• Input records:
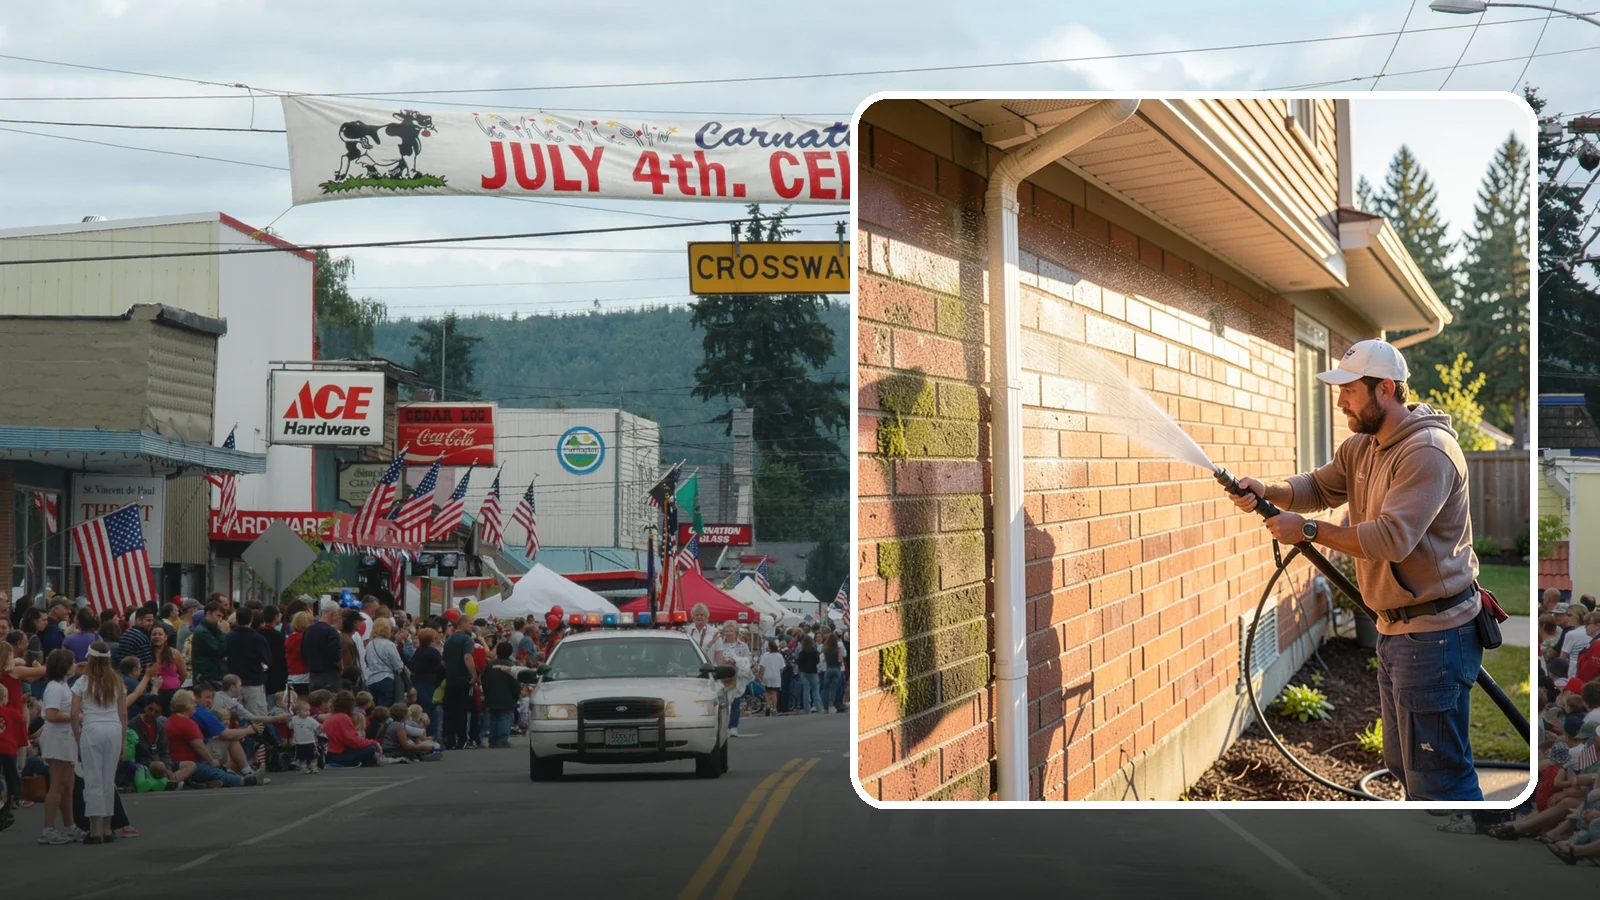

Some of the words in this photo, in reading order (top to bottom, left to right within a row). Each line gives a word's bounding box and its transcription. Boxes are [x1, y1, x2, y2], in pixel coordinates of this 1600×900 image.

[481, 141, 604, 193] JULY
[632, 150, 746, 198] 4th.
[696, 254, 850, 280] CROSSWA
[283, 380, 373, 420] ACE
[405, 409, 452, 422] CEDAR
[283, 421, 370, 436] Hardware
[353, 467, 386, 479] Simpl
[96, 484, 124, 495] Vincent
[126, 485, 136, 495] de
[138, 486, 155, 495] Paul
[80, 503, 154, 522] THT
[688, 526, 741, 535] CRNATION
[699, 535, 730, 543] GLASS
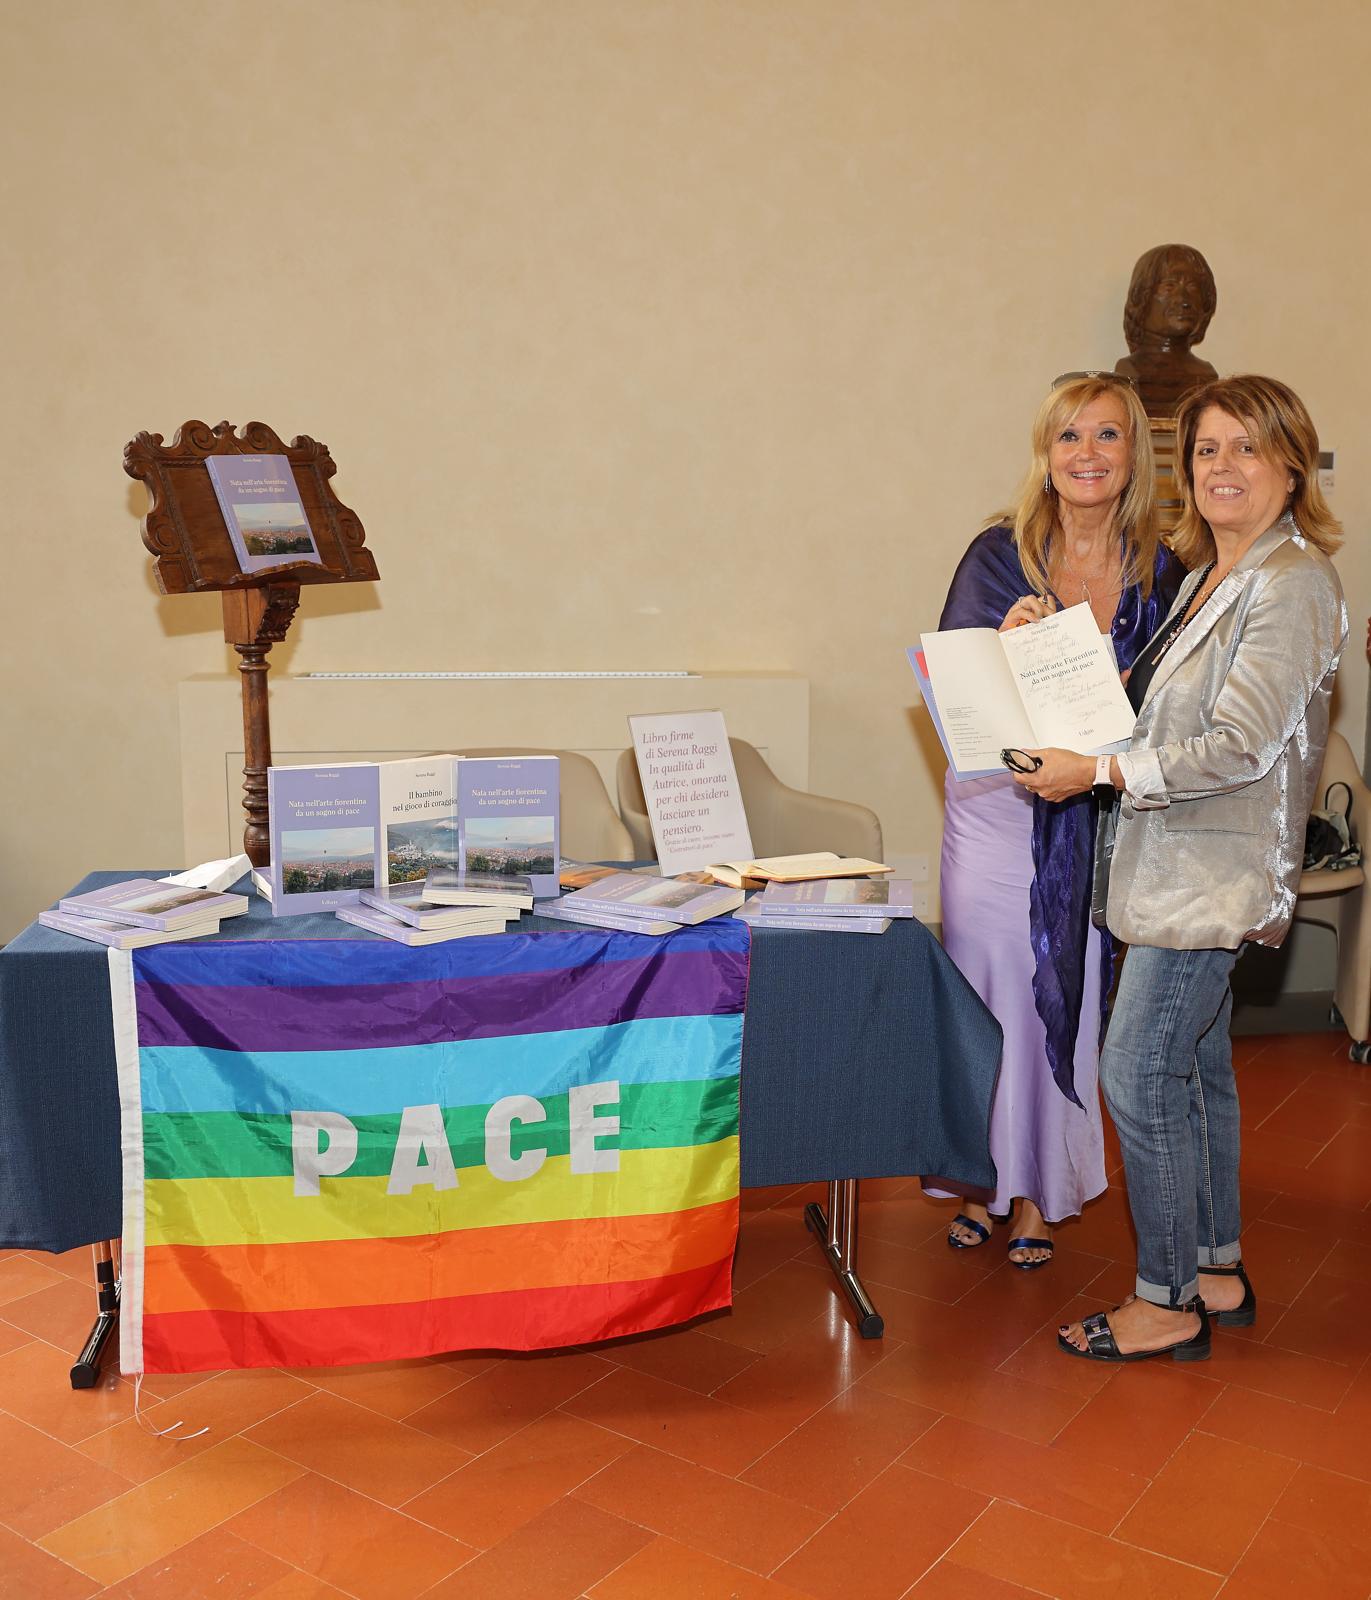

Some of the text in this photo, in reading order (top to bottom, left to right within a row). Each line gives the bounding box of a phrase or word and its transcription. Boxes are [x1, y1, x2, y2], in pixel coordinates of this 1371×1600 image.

• What this task involves:
Only the records, copied exactly and without pictures, should make up the answer.

• Solution:
Some of the words in this photo, in reading order (top to bottom, left to right within a row). Each line gives a word's bounding box and its transcription. Boxes are [x1, y1, x2, y2], in pixel coordinates of this 1600×900 image.

[481, 141, 604, 193] JULY
[632, 150, 746, 198] 4th.
[696, 254, 850, 280] CROSSWA
[283, 380, 373, 420] ACE
[405, 409, 452, 422] CEDAR
[283, 421, 370, 436] Hardware
[353, 467, 386, 479] Simpl
[96, 484, 124, 495] Vincent
[126, 485, 136, 495] de
[138, 486, 155, 495] Paul
[80, 503, 154, 522] THT
[688, 526, 741, 535] CRNATION
[699, 535, 730, 543] GLASS

Some of the text in this photo, in reading order (top to bottom, left to right within a row). Each line gives the bounding box of a phrase or word and its transcription. Boxes are [x1, y1, x2, y2], in pixel coordinates of this 1371×1600 image.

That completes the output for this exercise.